Inookshuk of the Inuit Peoples

Inookshuk of the Inuit Peoples
Inookshuk of the Inuit Peoples

Friday, December 31, 2010

It's Still the Season - for Christmas Bird Counts

December 14 to Jan 5 mark for me the season of Christmas Bird Counts.  This is a tradition started by Audubon about one hundred years ago and is a way to see what is happening to the birds across the country, in count circle by count circle. It allows regular people to collect data which Audubon manages and then uses to report on each species.

For me, it is a way to give back something to the birds for all the enjoyment they provide, learn more about how to identify birds by going out with experts, and have a social occasion with old and new friends.  My favorite way to bird is by canoe or kayak, and this year I'll be able to do 3 of the 4 counts by canoe.

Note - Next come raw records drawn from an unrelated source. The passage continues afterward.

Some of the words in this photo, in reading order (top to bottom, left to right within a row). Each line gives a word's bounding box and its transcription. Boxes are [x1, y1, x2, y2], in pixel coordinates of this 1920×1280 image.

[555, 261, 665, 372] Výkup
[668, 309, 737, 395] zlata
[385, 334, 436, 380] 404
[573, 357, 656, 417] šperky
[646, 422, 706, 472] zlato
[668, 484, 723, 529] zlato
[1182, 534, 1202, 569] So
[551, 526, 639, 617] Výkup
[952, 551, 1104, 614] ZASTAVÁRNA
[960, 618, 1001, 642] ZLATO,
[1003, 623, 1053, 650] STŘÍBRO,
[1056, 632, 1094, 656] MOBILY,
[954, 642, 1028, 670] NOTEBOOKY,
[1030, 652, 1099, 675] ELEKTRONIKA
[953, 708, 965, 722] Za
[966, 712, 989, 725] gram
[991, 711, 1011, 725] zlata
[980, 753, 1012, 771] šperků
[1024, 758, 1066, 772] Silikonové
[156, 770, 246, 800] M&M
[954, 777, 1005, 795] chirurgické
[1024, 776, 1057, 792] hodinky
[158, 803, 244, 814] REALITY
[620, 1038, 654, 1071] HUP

On Tuesday I did a nineteen-mile paddle on the Trinity River near Cleveland, Texas with a paddling/birdwatching friend, where our personal highlights were seven bald eagles and two greater yellowlegs.   Yesterday we did a 14 mile paddle as part of the Old River Count.  This area is in my favorite paddling area - a lot of wild places with many routes that may or may not be open at any given time. We only found 43 species of birds but several hundred yellow-rumped warblers and several hundred American goldfinches. We also found about one hundred white-winged doves, a species which has moved into the U. S. with a vengeance.  I had to go to the Rio Grand Valley to see my first white-winged dove.  Now they are urban yard birds in places like Houston and Austin, Texas.The day was mostly overcast so my pictures are not the best but here are a few if them.


Our Route from Old River to the Cut-Off to Pickett's Bayou. 
We took out at Champion's Lake in the fairly new Trinity River NWR.

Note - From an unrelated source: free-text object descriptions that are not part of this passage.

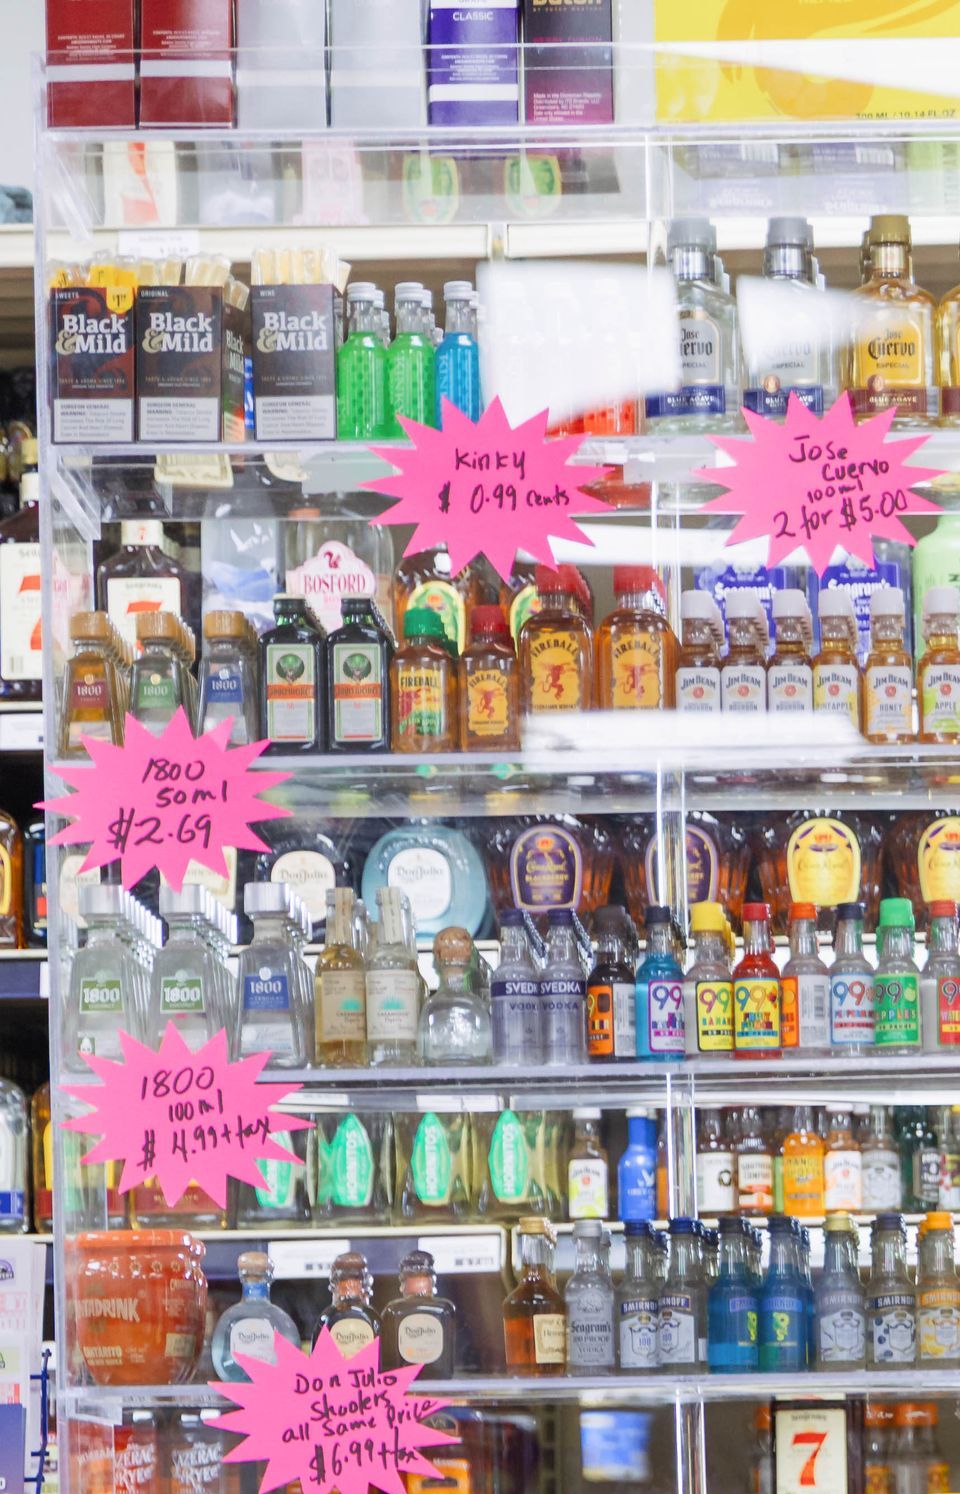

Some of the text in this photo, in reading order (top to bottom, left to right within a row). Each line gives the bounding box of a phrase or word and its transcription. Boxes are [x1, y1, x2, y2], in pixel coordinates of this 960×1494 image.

[452, 11, 494, 22] CLASSIC
[63, 313, 127, 334] Black
[150, 312, 213, 333] Black
[264, 311, 327, 332] Black
[867, 338, 916, 360] Cuervo
[437, 481, 450, 514] $
[470, 483, 517, 514] 0.99
[773, 510, 797, 538] 2
[799, 504, 834, 540] for
[303, 573, 367, 593] BOSFORD
[141, 757, 206, 784] 1800
[106, 807, 214, 855] $2.69
[83, 985, 121, 1003] 1800
[163, 985, 200, 1003] 1800
[249, 979, 283, 994] 1800
[540, 981, 582, 995] SVEDKA
[652, 984, 684, 1011] 99
[735, 985, 768, 1009] 99
[832, 980, 866, 1007] 99
[873, 980, 901, 1002] 99
[699, 987, 732, 1013] 99
[140, 1066, 216, 1100] 1800
[136, 1128, 156, 1171] $
[293, 1372, 341, 1396] Don
[790, 1430, 830, 1487] 7

Bruce Scans for Birds at the Put-in Under Old River Bridge on Hwy 1409




We got our only house sparrows around the Old River Bridge. 


Looking and Listening for Birds

Most of the time we were paddling, we could hear myrtle warblers.  Kingfishers, grackles, American goldfinches, crows, and blue jays were also common voices along our route. 


Bruce Catching Up on Species Counts

Palmettos Growing at Edge of Old River

An Osprey with a Big Fish on the Cut-Off
One hundred fifty species of birds were found on this count by about twenty people. The count dinner was at Iguana Joe's, a very good Mexican Restaurant just north of I-10 on Hwy 146. If you are passing through, be sure to check it out. And check out the counts for your area and try one or more next year. Click here to find out more about how to join a count.

I'm off to get ready for my last long day of paddling and counting birds.